(Task objective)
Pictures aside, repeat the listing below exactly.

(Records for this task)

════════

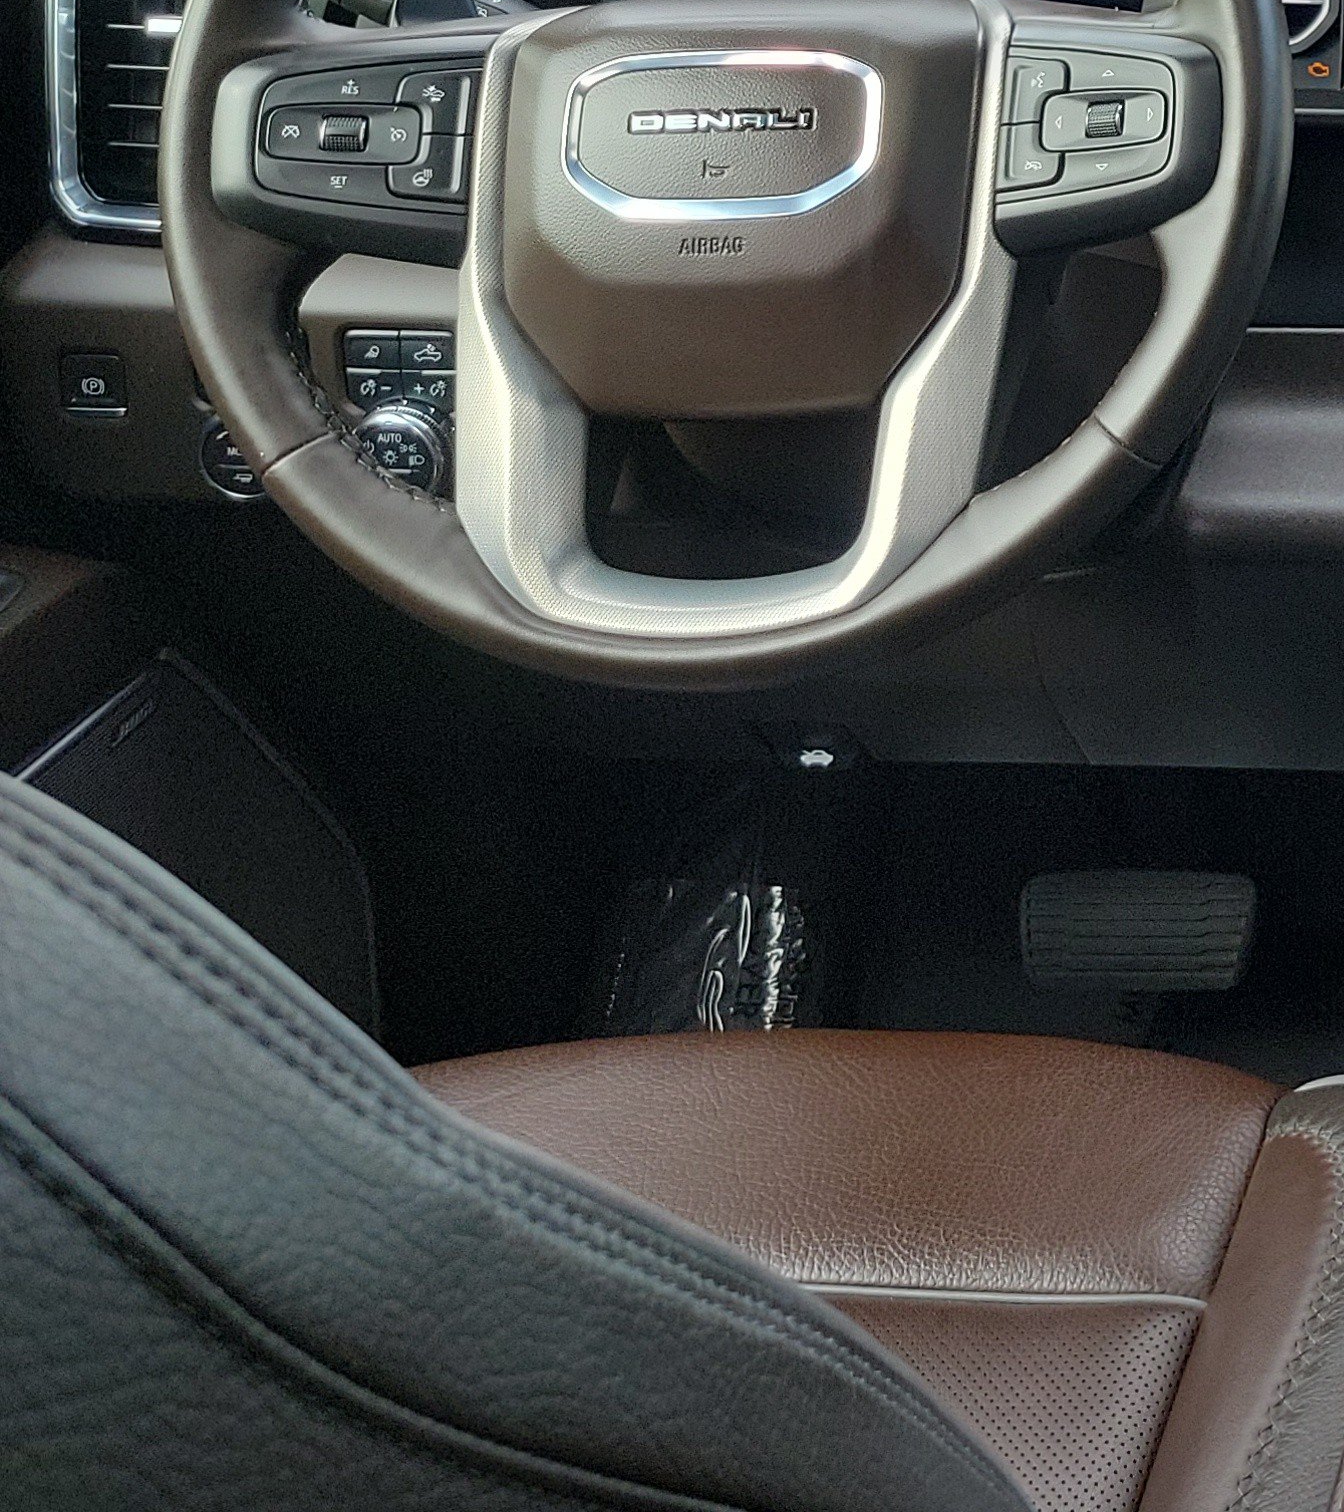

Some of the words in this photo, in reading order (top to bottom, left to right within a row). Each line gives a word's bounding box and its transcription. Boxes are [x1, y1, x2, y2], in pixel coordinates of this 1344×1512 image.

[341, 85, 359, 95] RES
[628, 108, 816, 135] DENALI
[330, 175, 348, 185] SET
[678, 237, 745, 255] AIRBAG
[377, 432, 403, 443] AUTO

════════

(Solution)
Some of the words in this photo, in reading order (top to bottom, left to right within a row). Each line gives a word's bounding box and its transcription. Boxes are [x1, y1, x2, y2], in pixel coordinates of this 1344×1512 image.

[341, 85, 359, 95] RES
[628, 108, 816, 135] DENALI
[330, 175, 348, 185] SET
[678, 237, 745, 255] AIRBAG
[377, 432, 403, 443] AUTO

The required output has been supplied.